We can actually be more precise with what we want by using an “anchor” for our pattern. Records start with lines where the first character on the line is @. In most FASTQ-formatted files, the only place where the @ character appears is on the unique identifier line, but it’s possible for it to appear in other places, too.

grep '^@' covid.fasta_simulated.fq # print all lines in the file that
                                   # **start with** the @ character

The ^ (caret, I prefer “hat”) is an “anchor”: “From the start of the line”.

Counting lines

Seeing the lines that match the pattern is useful, but we may also want to know other stuff, like how many lines matched the pattern. Thankfully, grep has an option to help us with that: -c.

grep -c '^@' covid.fasta_simulated.fq # count the lines in the file that
                                      # start with the @ character

This prints out only a number, and the number represents how many lines matched the pattern.

For covid.fasta_simulated.fq, this tells us how many records are in this file.

Showing lines around the matching lines

We can ask grep to find lines that match patterns, and we can also ask grep to show us the lines that are around (before and after) the line that matches the pattern. grep calls this “context”.

We can print the lines that match the pattern, plus the lines immediately after those using the -A option (after):

grep -A 2 '^@' covid.fasta_simulated.fq # print out the record identifier and
                                        # 2 lines of sequence data after it.

Similarly, we can print the lines that match the pattern, plus the lines immediately before those using the -B option (before):

grep -B 2 '^@' covid.fasta_simulated.fq # print out the record identifier and
                                        # 2 lines of sequence data before it.

We can do both at the same time with the -C option (this is upper-case C, for “context”):

grep -C 2 '^@' covid.fasta_simulated.fq # print out the record identifier and both
                                        # 2 lines before and after it.

Filtering recursively

Sometimes you want to search many files in the same directory for a pattern, either because you don’t know which file contains the lines you’re looking for, or because your data is spread across many files.

We’ve seen a “recursive” command before:

rm -r hello # recursively remove hello and everything within it

The grep command also has a recursive option, and it’s also -r!

Switch back to crazy-directories.

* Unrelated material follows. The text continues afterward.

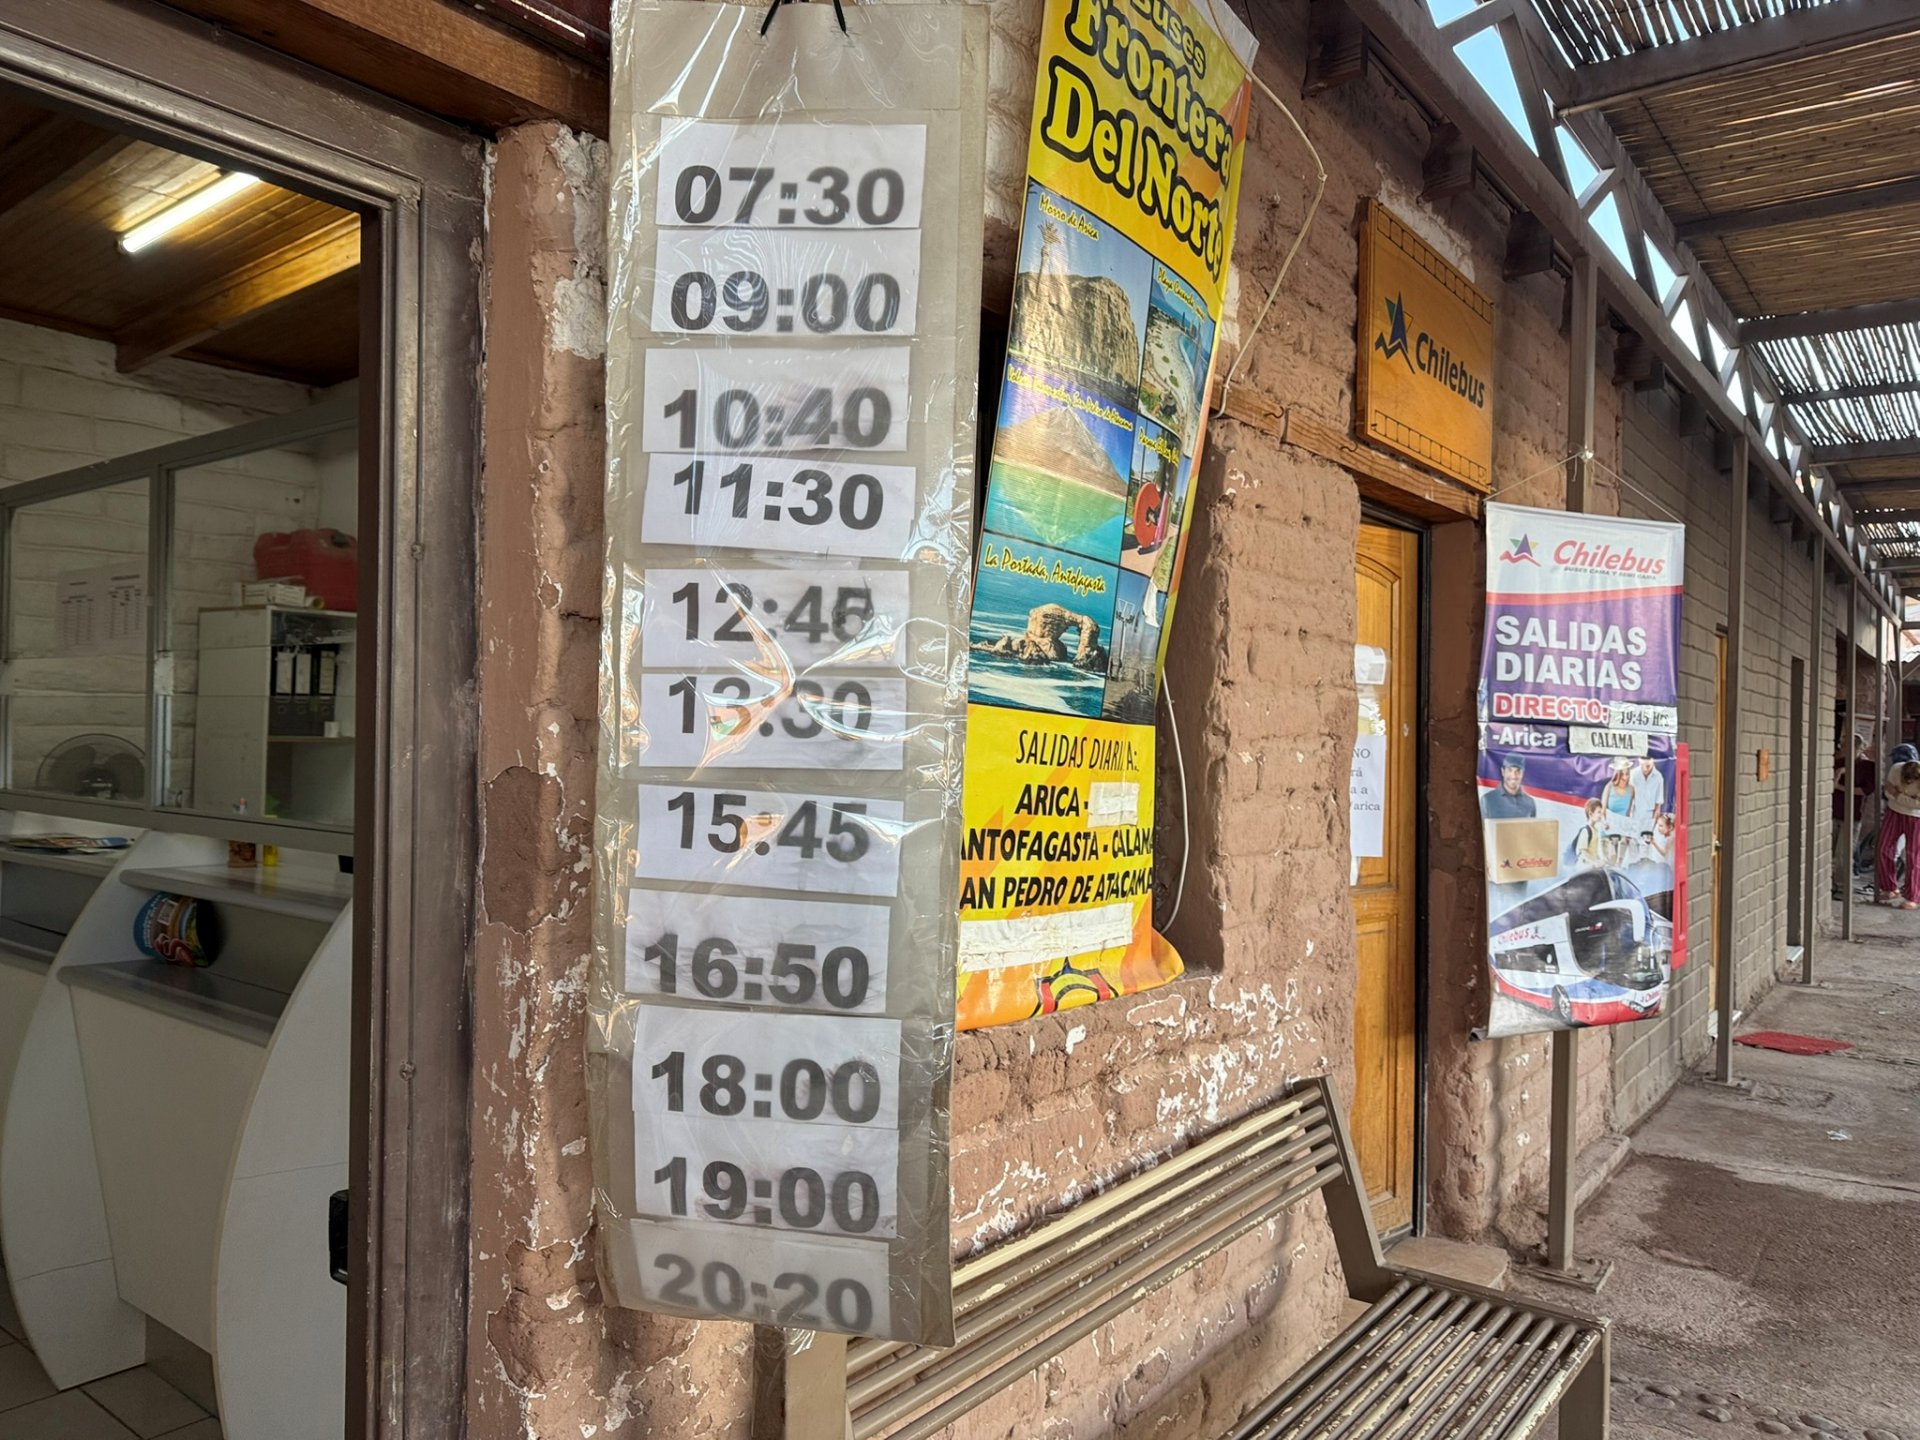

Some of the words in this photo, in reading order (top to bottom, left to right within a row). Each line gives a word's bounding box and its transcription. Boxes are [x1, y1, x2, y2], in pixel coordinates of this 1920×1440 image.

We were able to use find to help us find files that have names matching a pattern. Now we want to use grep to find files that contain a specific pattern.

Emoji short codes all follow the same pattern: A colon, followed by some characters, followed by another colon. Here are some emoji and their short codes:

:banana: 🍌
:robot: 🤖
:sparkles: ✨

We can use grep recursively to find all files that contain one or more lines matching the pattern :*: (a colon, followed by any number of characters, followed by another colon).

grep -r ":*:" # note no filename!

Depending on the state you’re in, this is probably going to print out a few more files than you expected, including .docx files.

Let’s talk about what .docx files are: they’re secretly a .zip file. Remember how to unzip .zip files? That’s right! unzip!

Go ahead, change into a directory containing one of the .docx files you created in crazy-directories and unzip it:

unzip robot.md.docx

There are going to be a bunch of new files in the directory that are mostly .xml files. XML is a “markup” language, sort of like Markdown.

Try running grep again recursively on this again and you’ll see that we’re not just matching emoji short codes anymore, but a bunch of weird looking XML. Neat 📷.

Printing matching line numbers

Knowing the name of the file containing the line that matches your pattern is often enough, but grep can help you out a little more by telling you exactly the line number that matched the pattern. You can ask grep to tell you this using the -n option.

If you left the root of crazy-directories, change back to it.

Let’s find all files that contain the pattern :*: again, but we’ll ask for grep to print out the line numbers:

grep -rn ":*:"

# OR

grep -r -n ":*:"

Some command line tools will allow you to combine options after a single - (so -r -n turns into -rn).